■ Task item
Retype the entries below exactly, dropping the images.

■ Data in this exercise
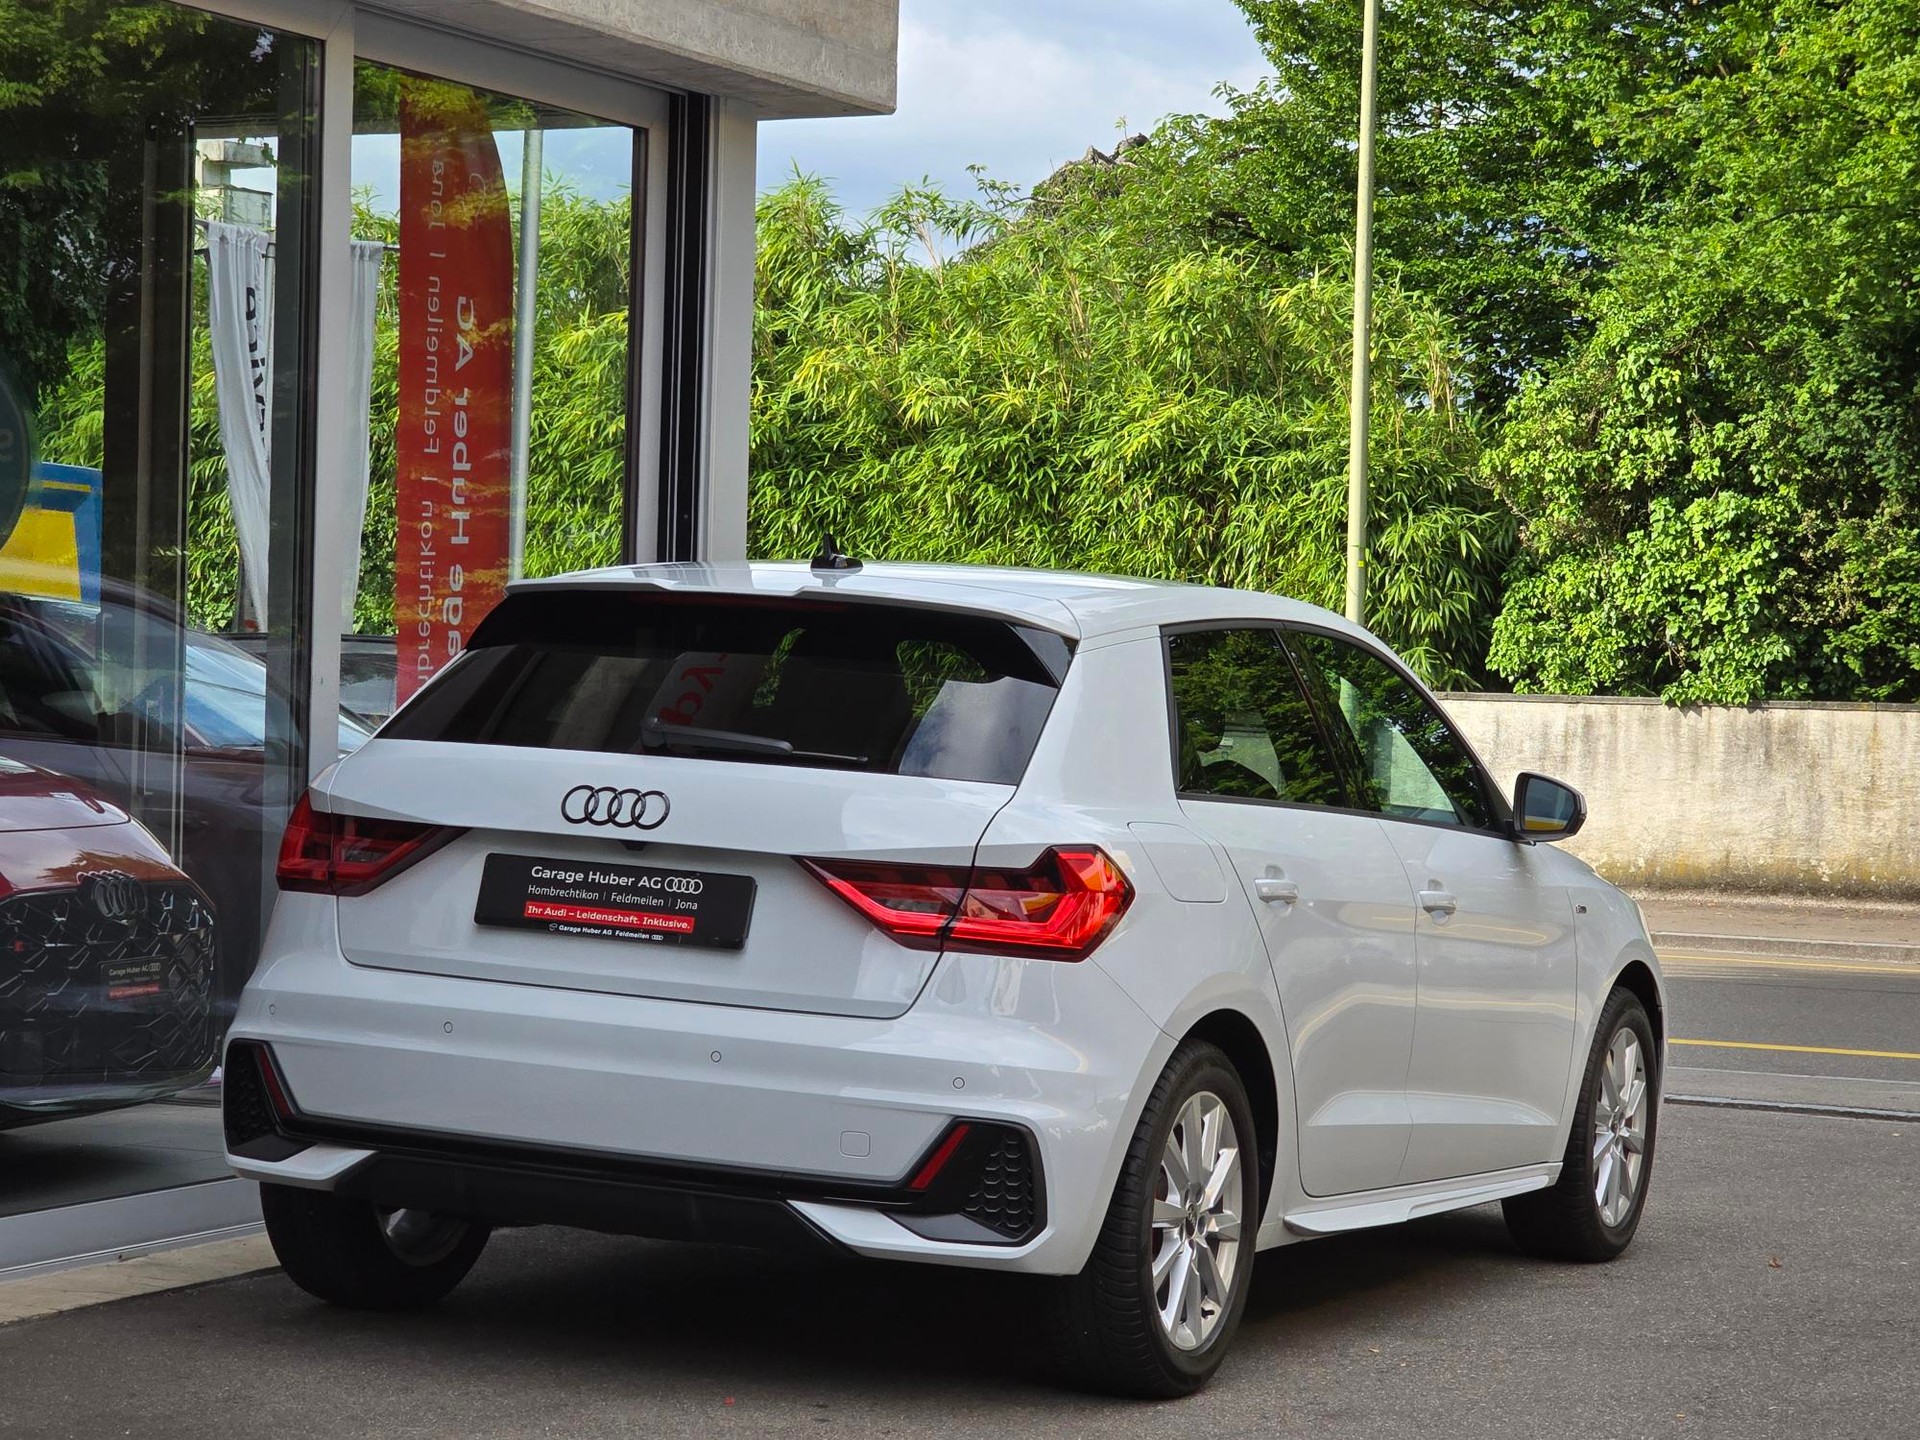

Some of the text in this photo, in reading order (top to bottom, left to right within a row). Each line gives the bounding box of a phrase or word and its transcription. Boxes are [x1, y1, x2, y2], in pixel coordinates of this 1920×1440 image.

[531, 865, 662, 889] Garage Huber AG
[527, 884, 599, 901] Hombrechtikon
[610, 892, 664, 907] Feldmeilen
[675, 899, 698, 910] Jona
[527, 905, 543, 915] Ihr
[543, 907, 567, 917] Audi
[576, 910, 641, 925] Leidenschaft.
[642, 916, 692, 930] Inklusive.
[558, 924, 582, 933] Garage
[582, 927, 602, 935] Huber
[615, 930, 650, 940] Feldmeilen
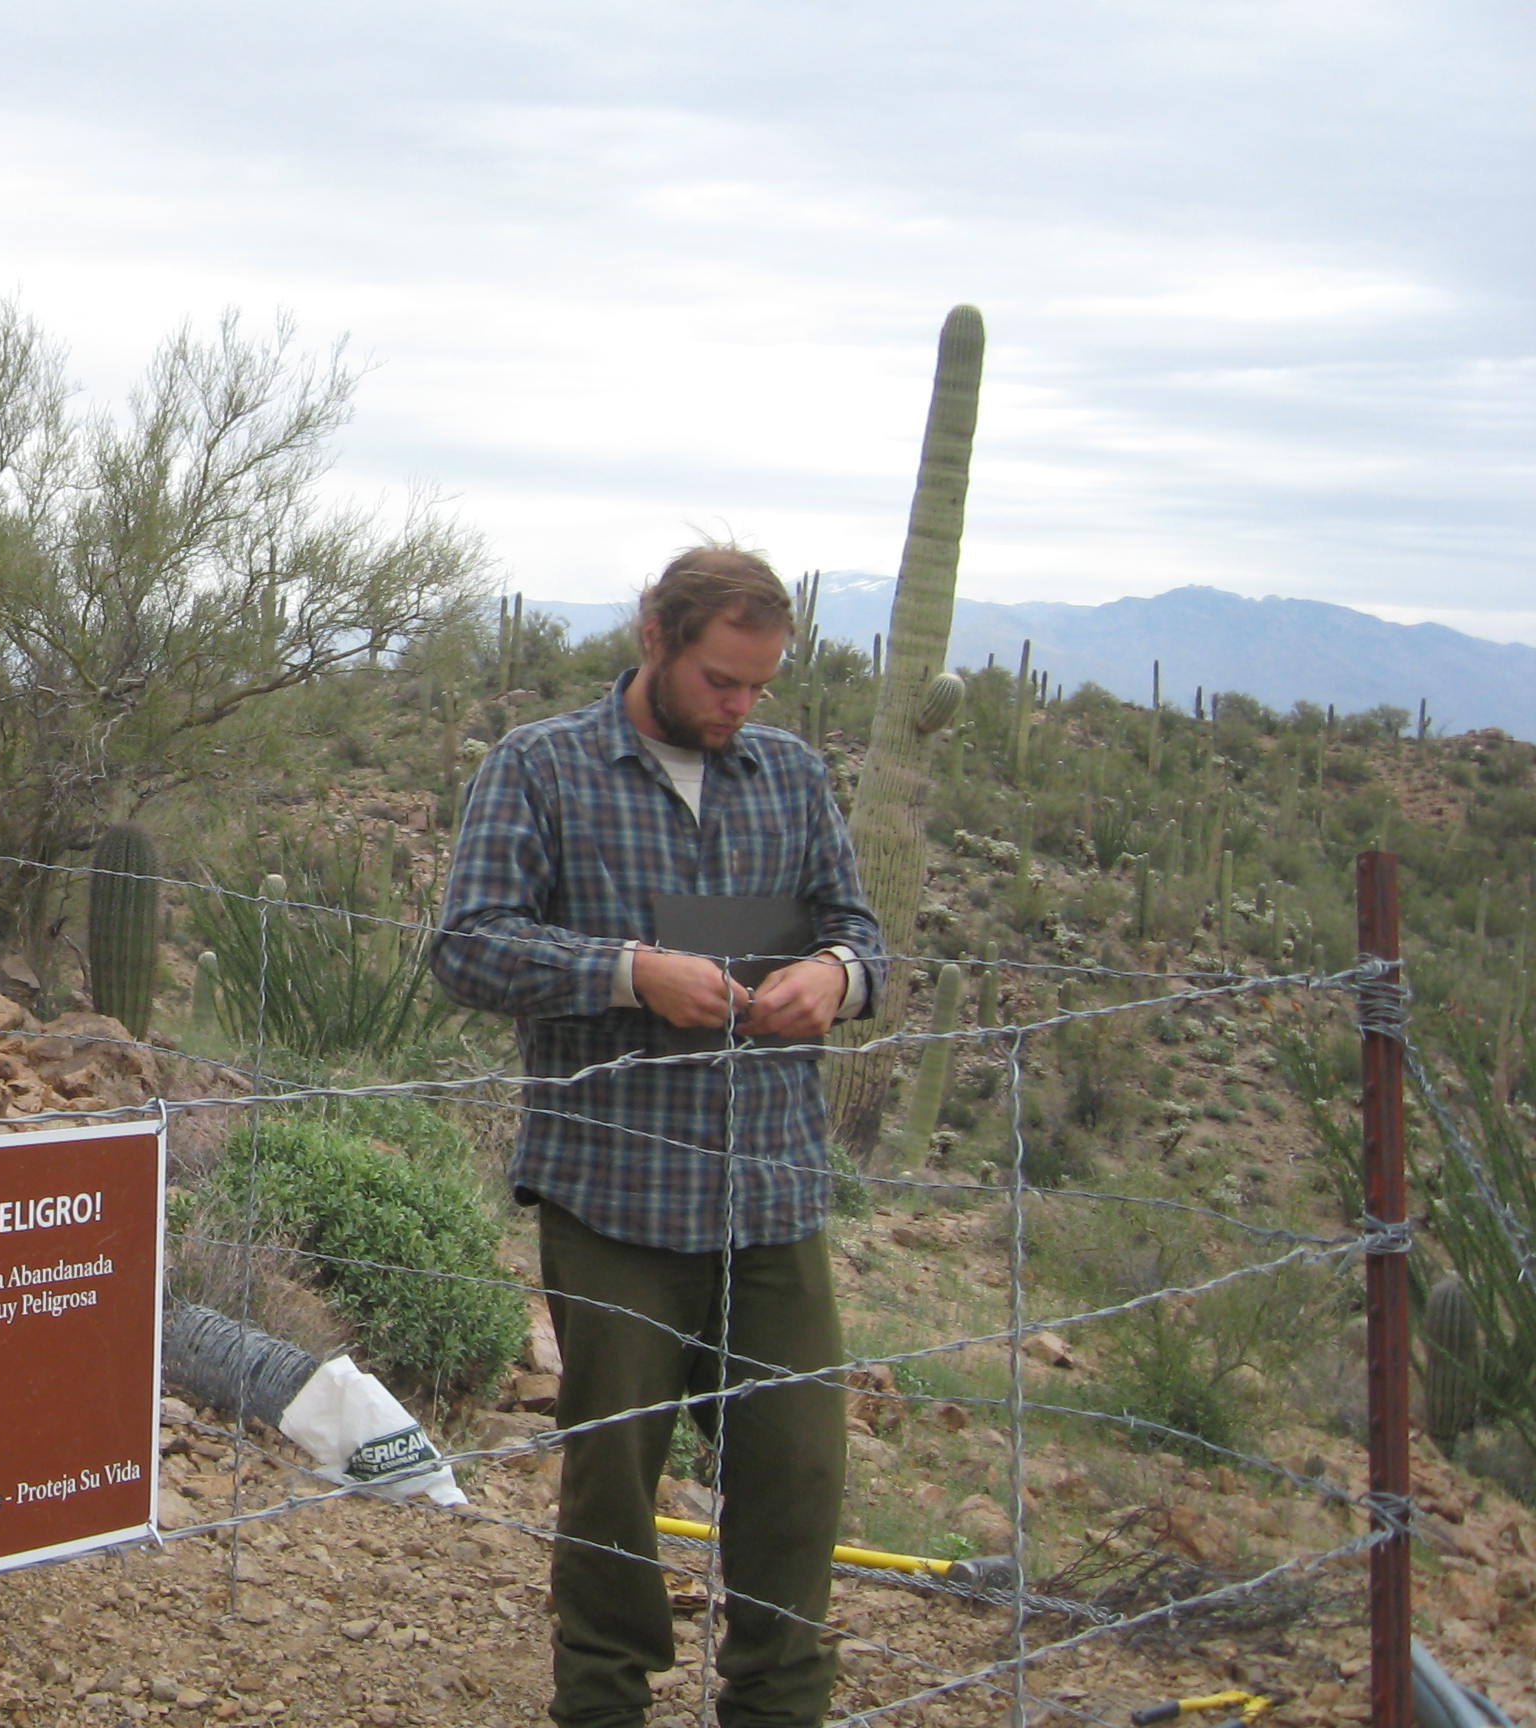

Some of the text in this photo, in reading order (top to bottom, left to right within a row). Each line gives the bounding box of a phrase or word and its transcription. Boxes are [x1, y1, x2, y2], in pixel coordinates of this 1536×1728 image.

■ Response
Some of the text in this photo, in reading order (top to bottom, left to right within a row). Each line gives the bounding box of a phrase or word and its transcription. Boxes are [x1, y1, x2, y2], in pixel coordinates of this 1920×1440 image.

[531, 865, 662, 889] Garage Huber AG
[527, 884, 599, 901] Hombrechtikon
[610, 892, 664, 907] Feldmeilen
[675, 899, 698, 910] Jona
[527, 905, 543, 915] Ihr
[543, 907, 567, 917] Audi
[576, 910, 641, 925] Leidenschaft.
[642, 916, 692, 930] Inklusive.
[558, 924, 582, 933] Garage
[582, 927, 602, 935] Huber
[615, 930, 650, 940] Feldmeilen

Some of the text in this photo, in reading order (top to bottom, left to right within a row). Each line gives the bounding box of a phrase or word and its transcription. Boxes are [x1, y1, x2, y2], in pixel coordinates of this 1536×1728 image.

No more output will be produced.